*** Given data ***

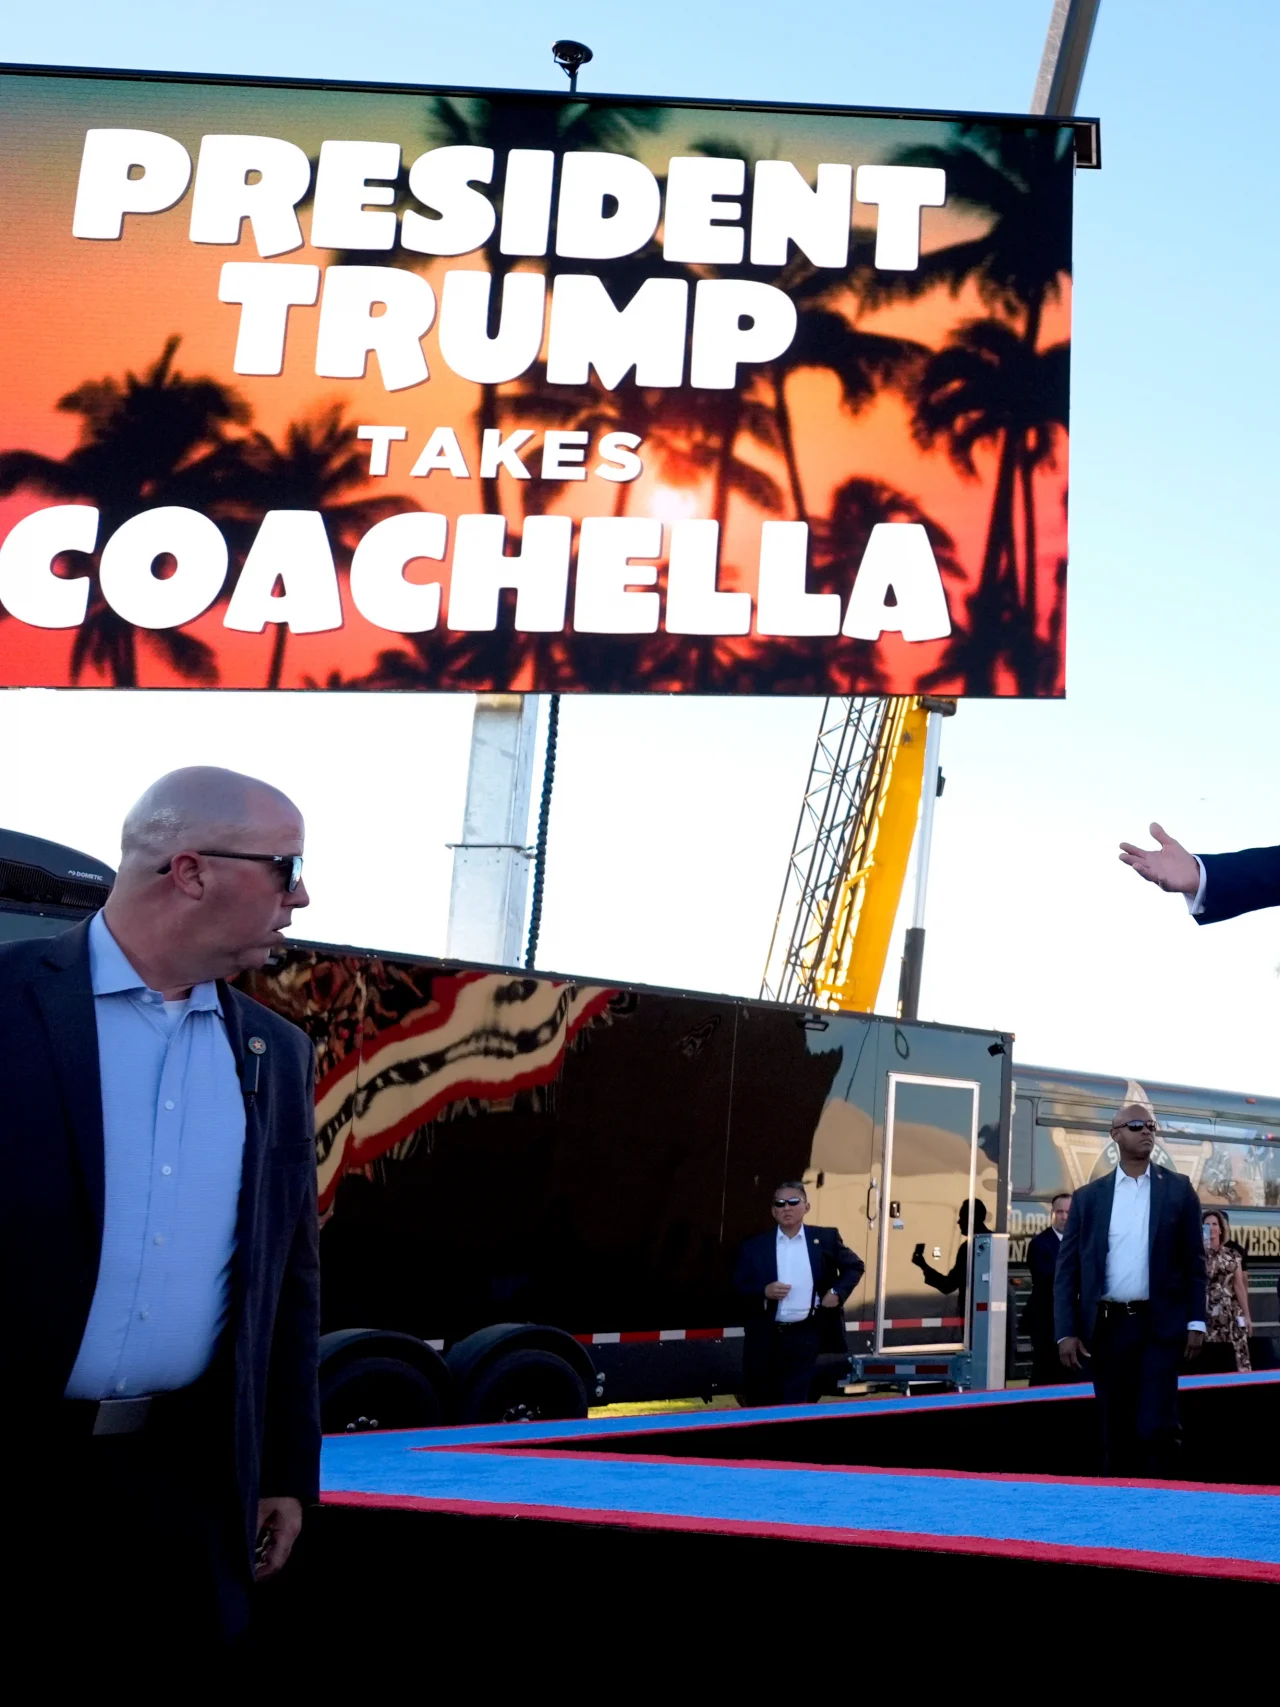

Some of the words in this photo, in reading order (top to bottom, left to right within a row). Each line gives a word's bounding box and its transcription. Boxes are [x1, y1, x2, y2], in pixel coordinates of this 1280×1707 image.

[73, 129, 946, 271] PRESIDENT
[219, 262, 797, 391] TRUMP
[358, 426, 643, 483] TAKES
[0, 504, 951, 642] COACHELLA
[76, 870, 103, 881] DOMETIC
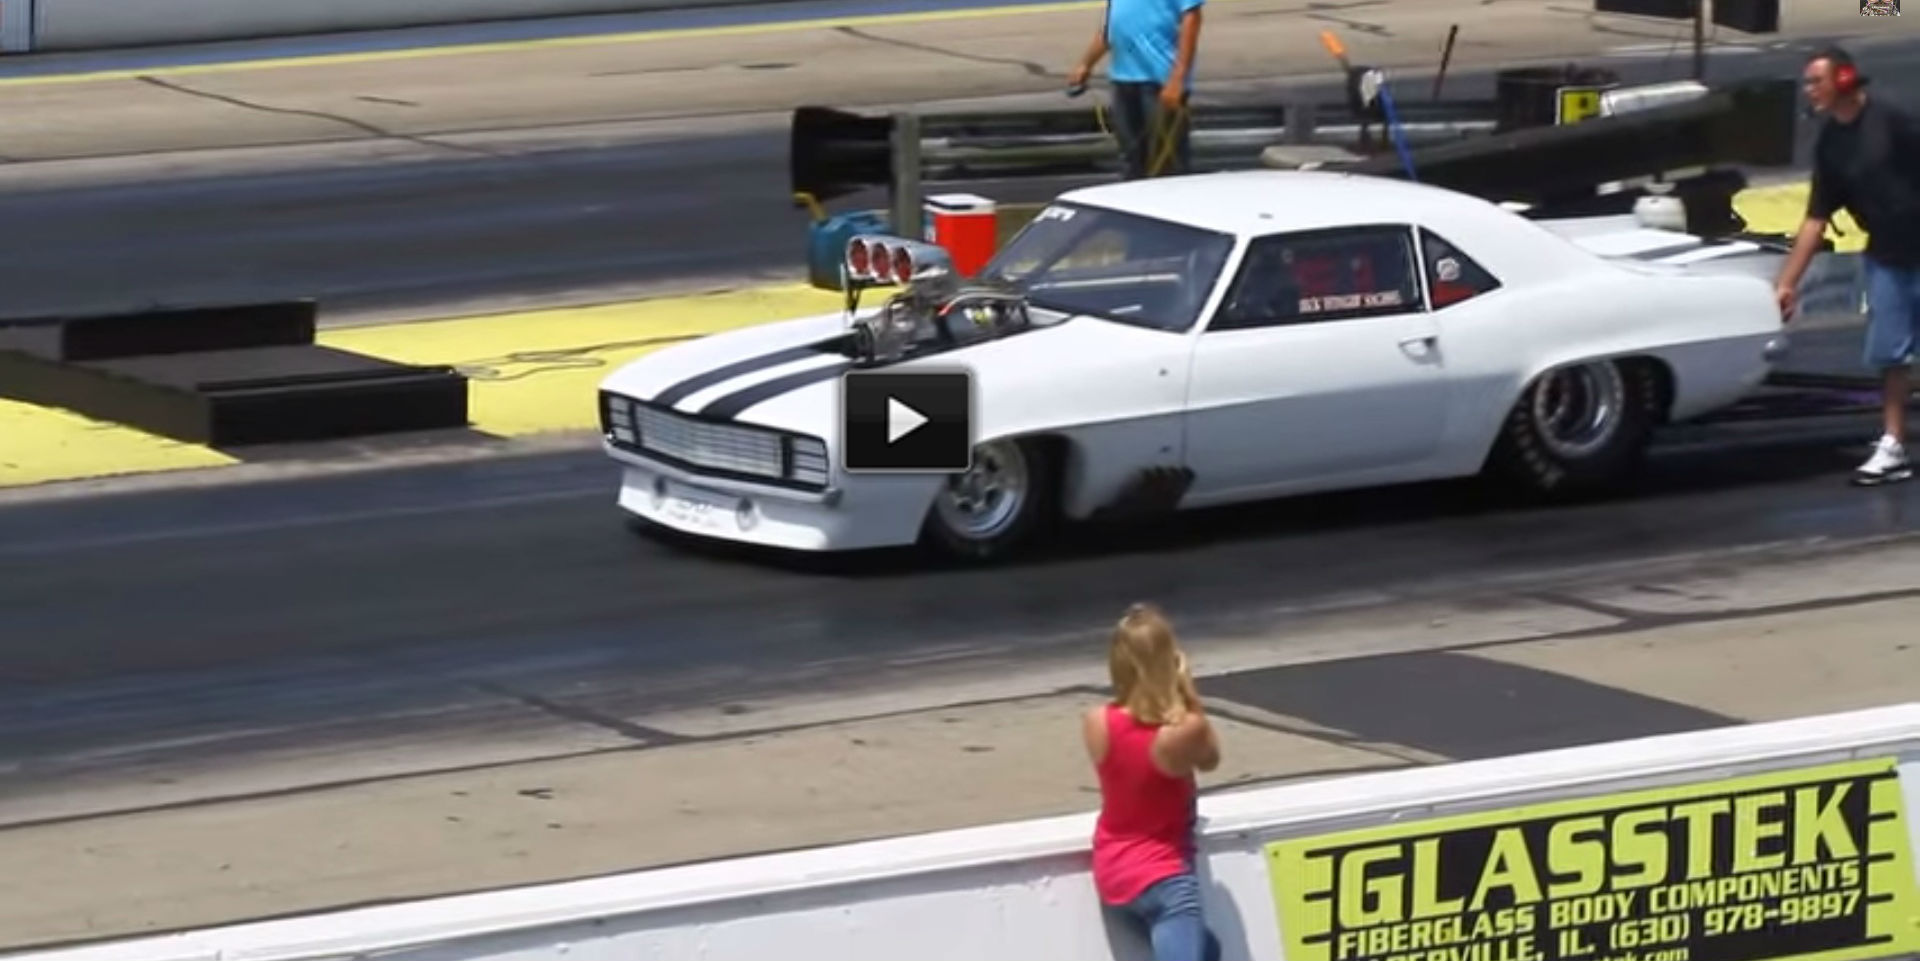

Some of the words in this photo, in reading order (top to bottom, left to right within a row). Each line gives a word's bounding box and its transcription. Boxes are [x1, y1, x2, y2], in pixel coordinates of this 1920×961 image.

[1338, 782, 1859, 929] GLASSTEK
[1338, 905, 1536, 960] FIBERGLASS
[1550, 890, 1635, 930] BODY
[1650, 859, 1860, 914] COMPONENTS
[1368, 934, 1544, 961] VILLE,
[1559, 928, 1596, 957] IL.
[1609, 912, 1690, 949] (630)
[1704, 888, 1861, 937] 978-9897

***

=== Work required ===
Copy all the records word for word and keep the pictures out.

=== Solution to this problem ===
Some of the words in this photo, in reading order (top to bottom, left to right within a row). Each line gives a word's bounding box and its transcription. Boxes are [x1, y1, x2, y2], in pixel coordinates of this 1280×1707 image.

[73, 129, 946, 271] PRESIDENT
[219, 262, 797, 391] TRUMP
[358, 426, 643, 483] TAKES
[0, 504, 951, 642] COACHELLA
[76, 870, 103, 881] DOMETIC

Some of the words in this photo, in reading order (top to bottom, left to right within a row). Each line gives a word's bounding box and its transcription. Boxes are [x1, y1, x2, y2], in pixel coordinates of this 1920×961 image.

[1338, 782, 1859, 929] GLASSTEK
[1338, 905, 1536, 960] FIBERGLASS
[1550, 890, 1635, 930] BODY
[1650, 859, 1860, 914] COMPONENTS
[1368, 934, 1544, 961] VILLE,
[1559, 928, 1596, 957] IL.
[1609, 912, 1690, 949] (630)
[1704, 888, 1861, 937] 978-9897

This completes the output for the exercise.